* [What you are asked to do] For every record below, repeat the text exactly and pass over any image.

Entries provided Start Marker

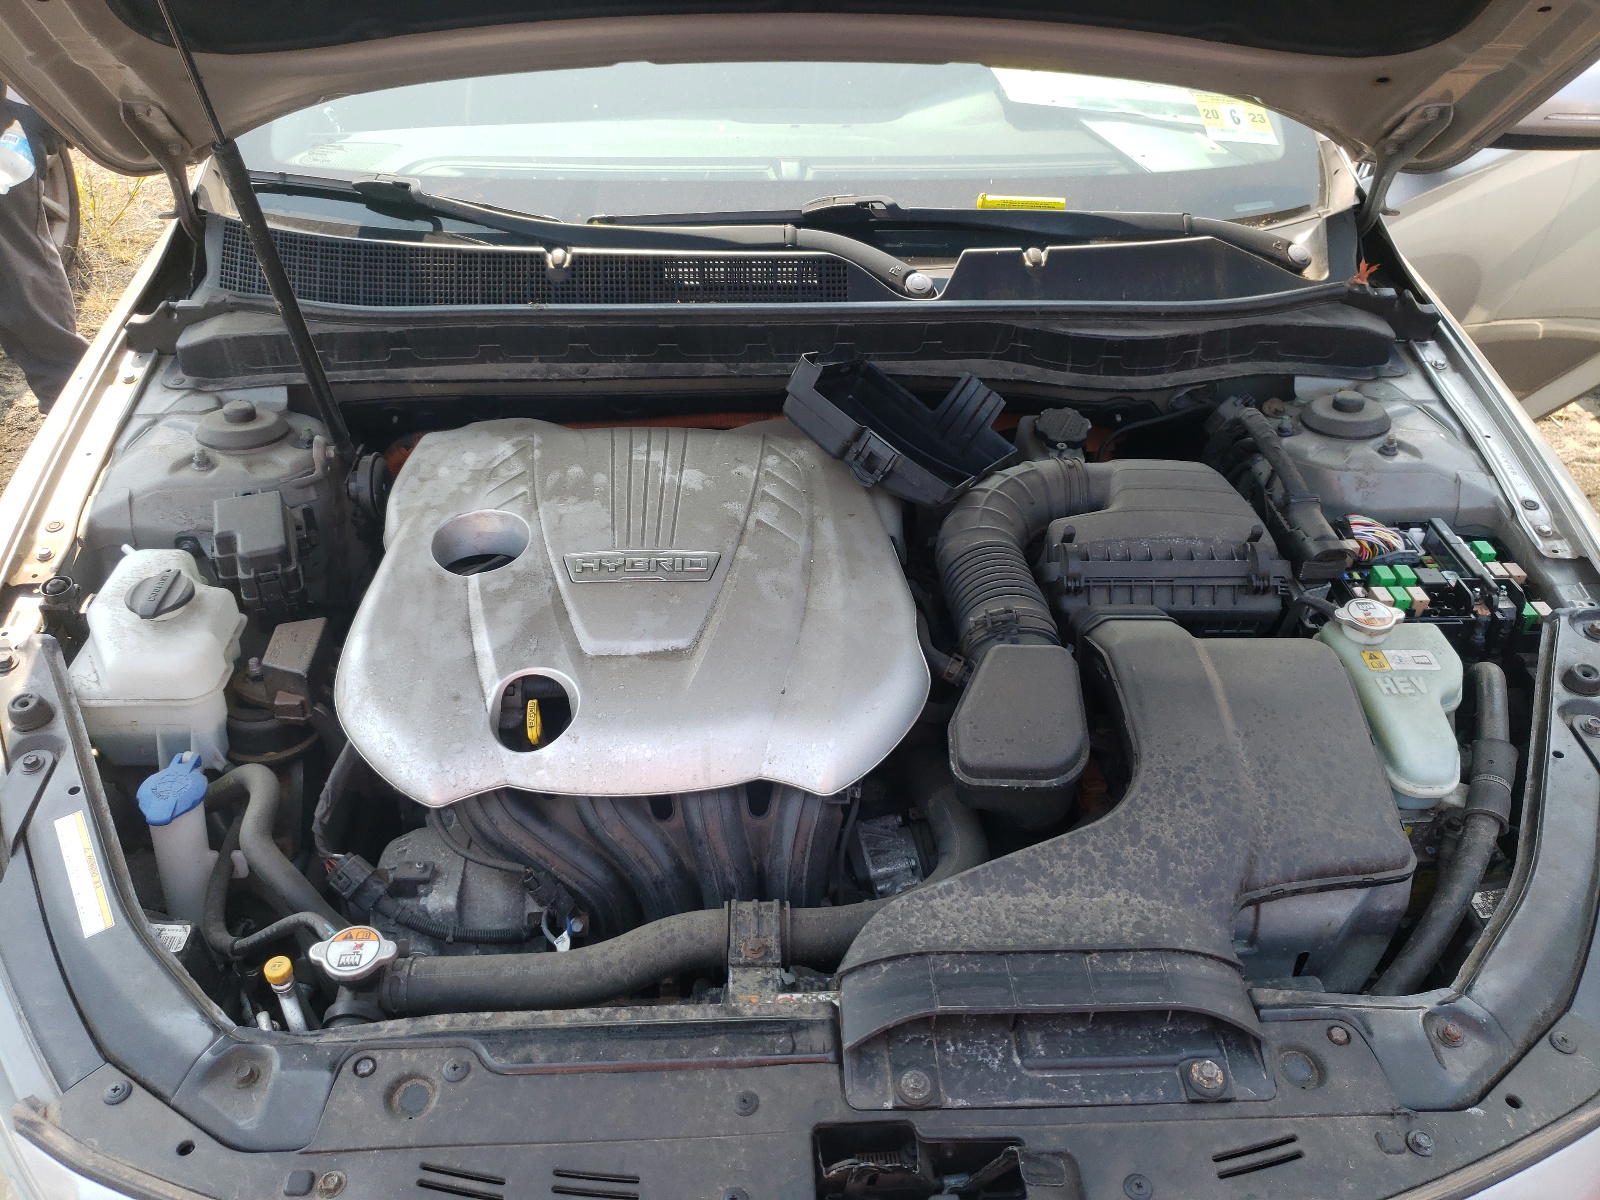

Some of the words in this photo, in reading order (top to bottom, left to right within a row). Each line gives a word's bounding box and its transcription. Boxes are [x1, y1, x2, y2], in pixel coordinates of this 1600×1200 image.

[1203, 108, 1219, 120] 20
[1230, 108, 1241, 125] 6
[1248, 112, 1266, 124] 23
[575, 557, 708, 573] HYBRID
[1375, 676, 1429, 696] HEV
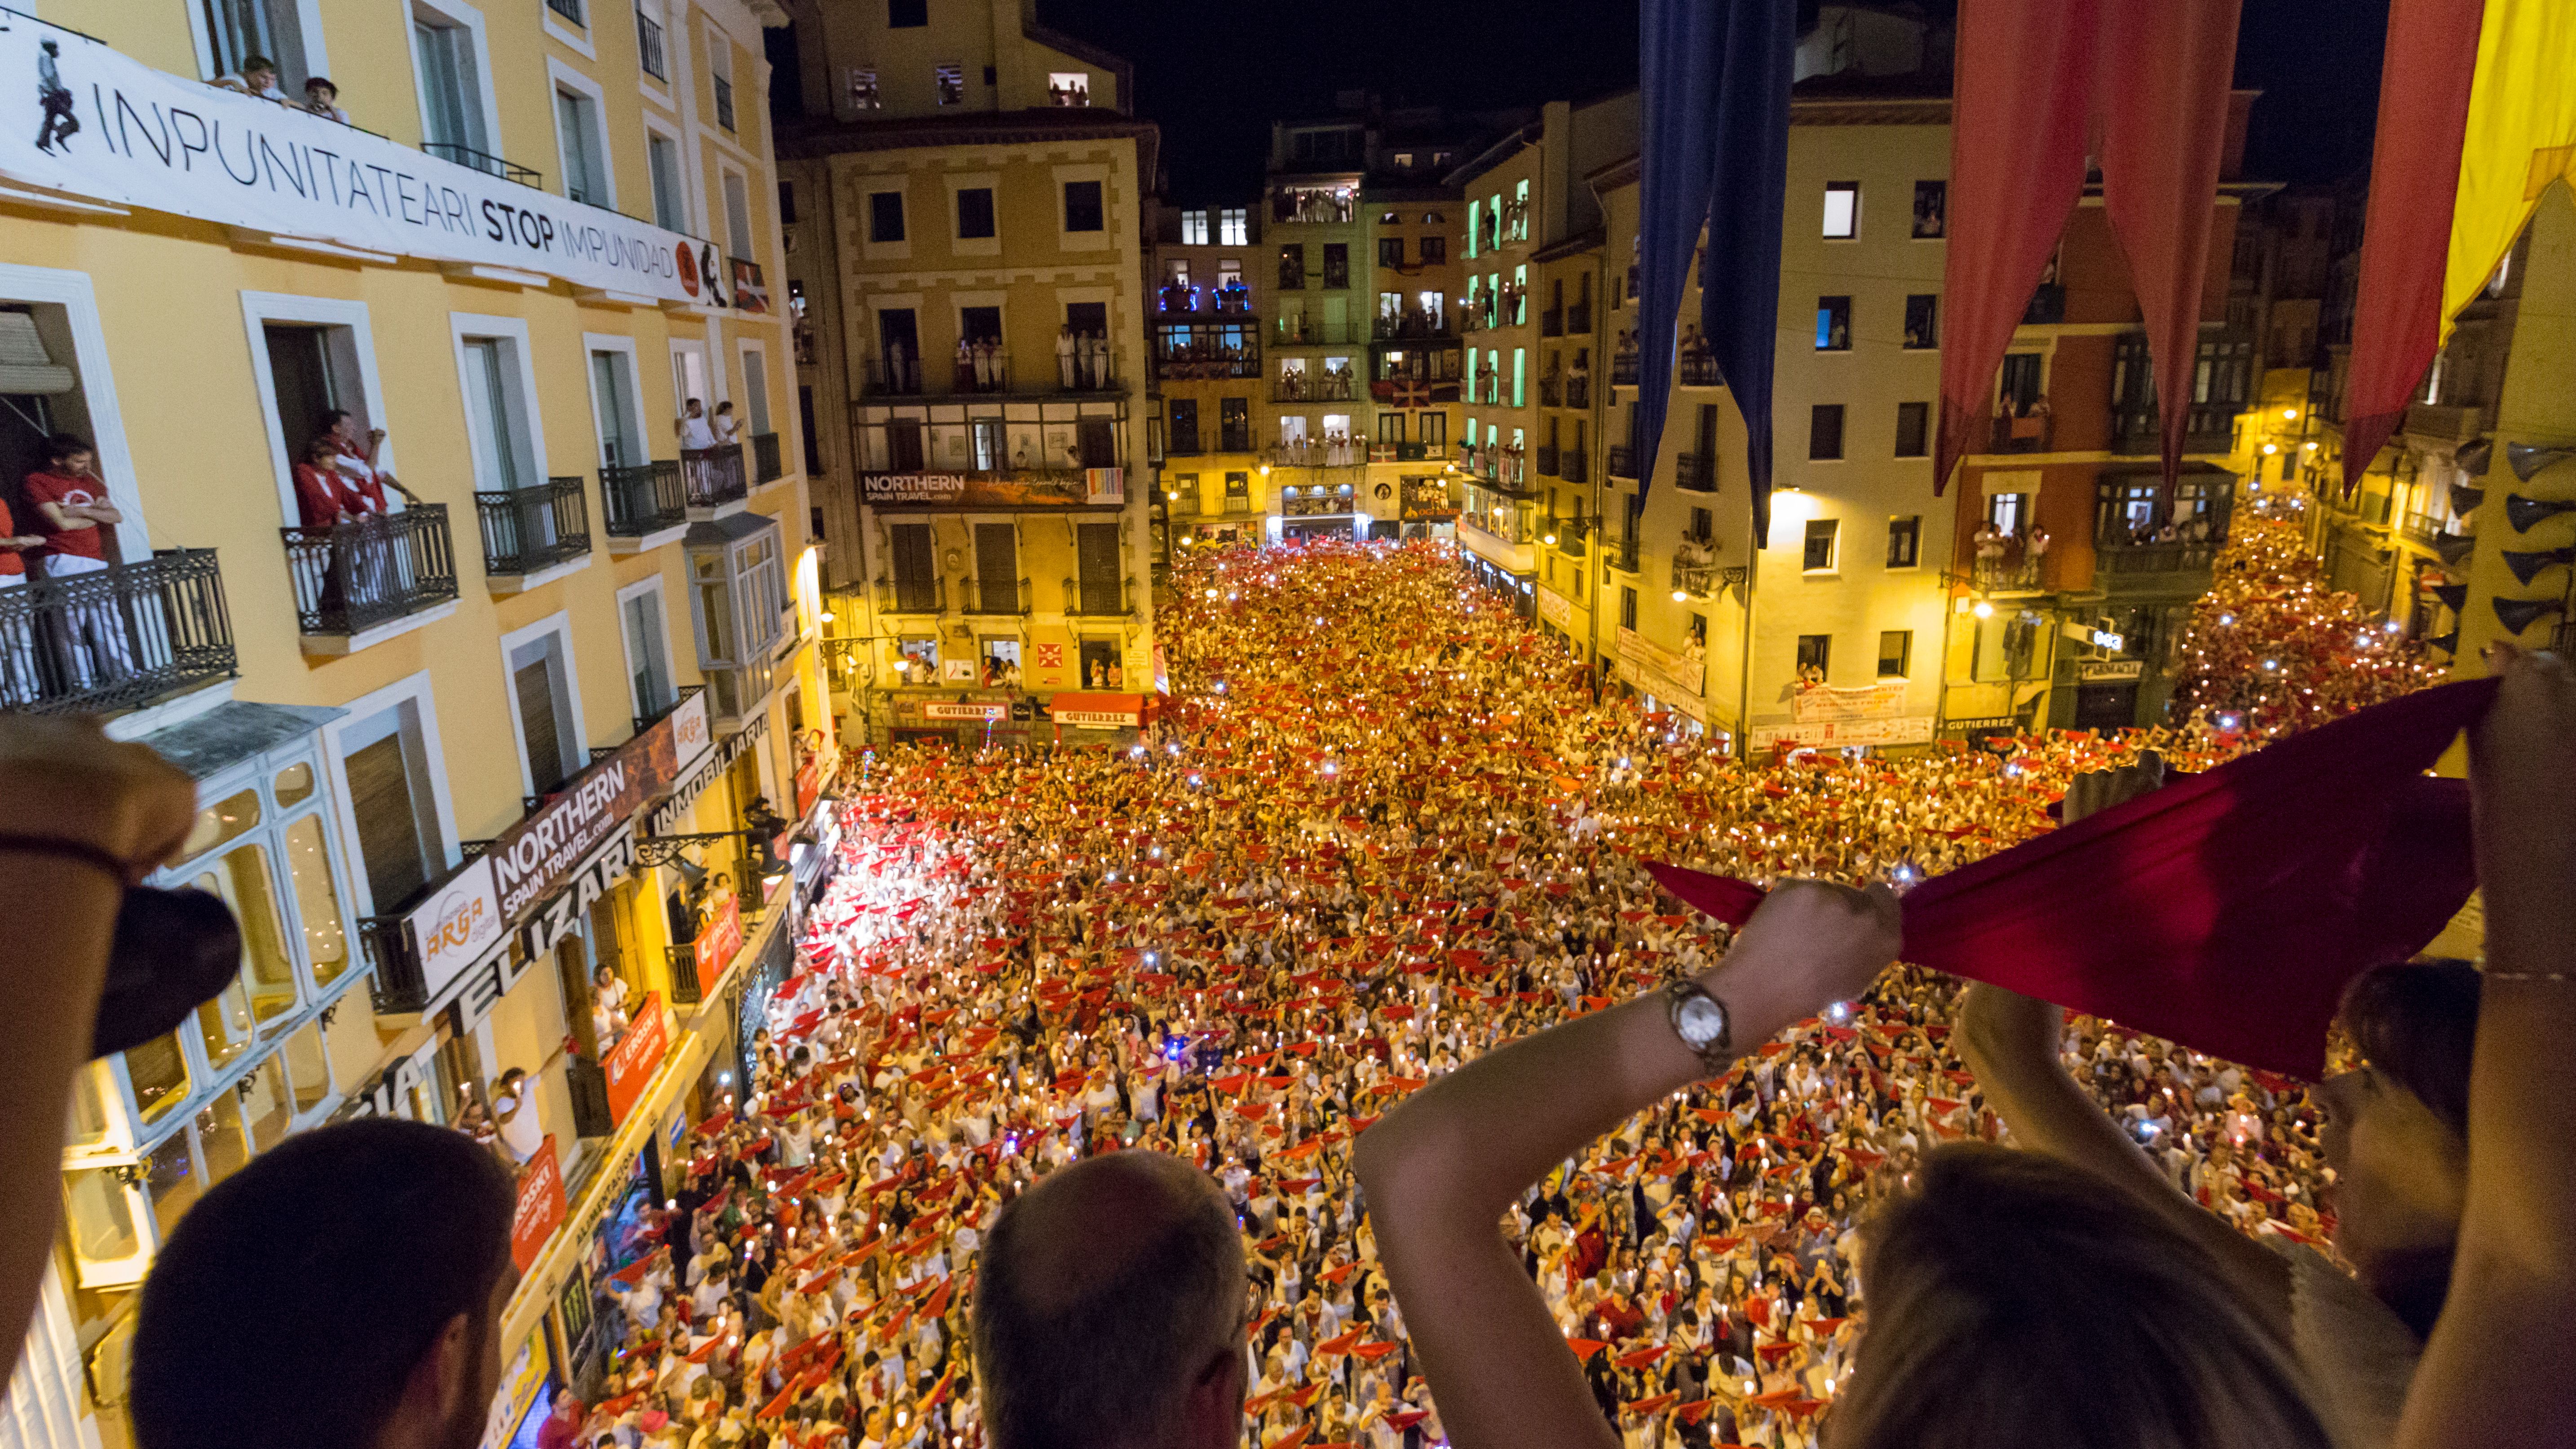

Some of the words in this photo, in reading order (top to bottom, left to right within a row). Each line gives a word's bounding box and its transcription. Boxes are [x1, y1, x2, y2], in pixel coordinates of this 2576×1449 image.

[93, 84, 476, 237] INPUNITATEARI
[482, 199, 554, 252] STOP
[559, 220, 674, 278] IMPUNIDAD
[865, 476, 964, 491] NORTHERN
[866, 492, 893, 501] SPAIN
[1066, 712, 1126, 722] GUTIERREZ
[1948, 718, 2014, 730] GUTIERREZ
[654, 712, 769, 836] INMOBILIARIA
[495, 760, 625, 895] NORTHERN
[503, 869, 545, 919] SPAIN
[544, 812, 614, 879] TRAVEL.com
[427, 897, 483, 963] ARGA
[459, 832, 635, 1034] ELIZARI
[625, 1010, 656, 1061] EROSKI
[515, 1164, 550, 1226] ROSKI

Entries provided End Marker

* [Solved problem]
Some of the words in this photo, in reading order (top to bottom, left to right within a row). Each line gives a word's bounding box and its transcription. Boxes are [x1, y1, x2, y2], in pixel coordinates of this 1600×1200 image.

[1203, 108, 1219, 120] 20
[1230, 108, 1241, 125] 6
[1248, 112, 1266, 124] 23
[575, 557, 708, 573] HYBRID
[1375, 676, 1429, 696] HEV

Some of the words in this photo, in reading order (top to bottom, left to right within a row). Each line gives a word's bounding box and its transcription. Boxes are [x1, y1, x2, y2], in pixel coordinates of this 2576×1449 image.

[93, 84, 476, 237] INPUNITATEARI
[482, 199, 554, 252] STOP
[559, 220, 674, 278] IMPUNIDAD
[865, 476, 964, 491] NORTHERN
[866, 492, 893, 501] SPAIN
[1066, 712, 1126, 722] GUTIERREZ
[1948, 718, 2014, 730] GUTIERREZ
[654, 712, 769, 836] INMOBILIARIA
[495, 760, 625, 895] NORTHERN
[503, 869, 545, 919] SPAIN
[544, 812, 614, 879] TRAVEL.com
[427, 897, 483, 963] ARGA
[459, 832, 635, 1034] ELIZARI
[625, 1010, 656, 1061] EROSKI
[515, 1164, 550, 1226] ROSKI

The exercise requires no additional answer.